The war has mired millions of Iraqis into misery as deep as they'd endured under dictatorship. Tens of thousands have been detained without trial.
Thousands, at least, have been tortured. A hundred journalists have been killed.
The sinews of civilised living have been shredded. Social collapse, rising disease, random murder and unspeakable cruelty are the order of the day.
Every survey of Iraqi opinion, including those conducted by the occupation forces, shows that a majority of the people want the occupiers out.
Blair composes his face into a rictus grin and talks of "a turning point". But every turning he has taken has led on to new horror.
Bush now concedes that 30,000 Iraqi civilians have perished in the cataclysm he created. But last month, Counterpunchmagazine concluded from data gathered by US academics that the "best estimate for deaths inflicted to date as a result of the invasion and occupation stands at 183,000".
In the second half of last year, there were more than 400 US air strikes inside Iraq. In the last two years, the 3rd Marine Aircraft Wing alone has dropped more than half a million tons of explosives , , compared to two million tons in the entire course of Vietnam. Iraqi towns have been pummelled by pitiless bombing.
Phosphorous has rained on Fallujah, stripping women, men and children to the bone, seared flesh falling away.
All across the Muslim world, the war has embedded the ideology of terrorism which its proponents had been adamant it would extirpate.
They say now . . . it's the last refuge of the pro-war scoundrels . . . that, despite all, Iraq is a better place than it was when ruled by Hussein.
Even if this were true, and it's by no means clear, it wasn't the reason for going to war and it justifies nothing in retrospect. What kind of moral measurement is this anyway? Are these the only alternatives Bush and Blair can conceive of for the people of Iraq? As the US activist, Dylan biographer Mike Marqusee, mordantly observed last week, "For the dead, injured, impoverished and abused, this kind of calculus never adds up."
Many have been dispirited by the failure of 15 February.
We were in the majority, we have been vindicated since, but the war happened anyway and the occupation continues. What's the point of protest? I suspect this is the reason demonstrations have become smaller. It's not opposition to the war but faith in democracy which has faded.
But the most important achievement of 15 February lay not in how it affected or failed to affect the trajectory towards conflict, but in the fact that it put on display an unsuspected superpower that has not yet flexed its muscles fully, the international mass movement for peace and against oppression which has grown in the shadow of capitalist globalisation, and upon which our best hopes for a better future now depend.

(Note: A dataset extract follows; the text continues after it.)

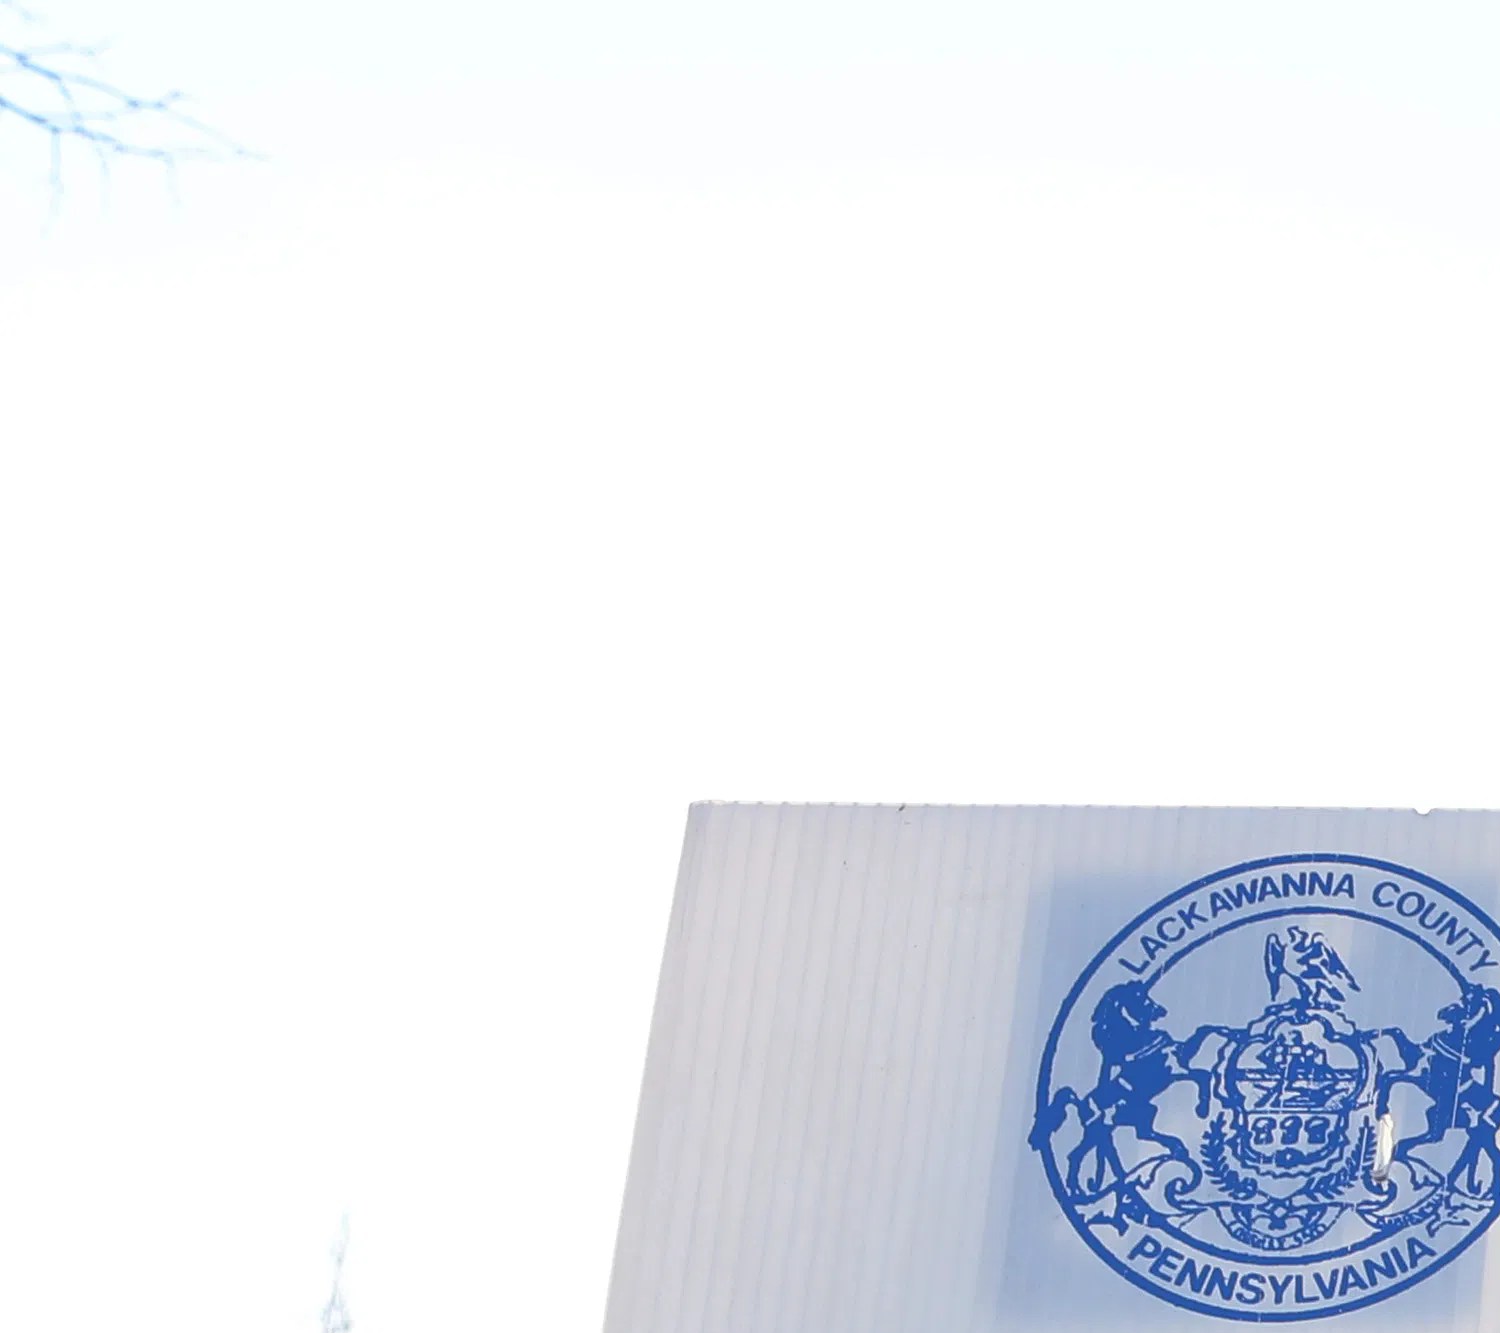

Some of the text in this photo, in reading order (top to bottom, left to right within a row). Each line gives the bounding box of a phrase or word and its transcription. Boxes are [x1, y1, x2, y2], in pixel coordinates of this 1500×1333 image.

In London in December, along with Kay Duddy, Alana Burke and Regina McKinney from the Bloody Sunday families, I attended a huge meeting at which the diverse voices of rising Iraqi democratic resistance rang out. Hanna Ibrahim of the Iraqi women's group Woman's Will, held up a picture of Condoleezza Rice:
"I don't belong to the same gender as this woman. She kills our children. She talks of women's rights while her teeth bleed with the blood of my people. Her and her government brought terrorism to my country. I hear that if the US loses 5,000 troops they will withdraw from Iraq. So we need to kill 3,000 of them to make them leave? What kind of civilisation is this, that needs killing for there to be peace?"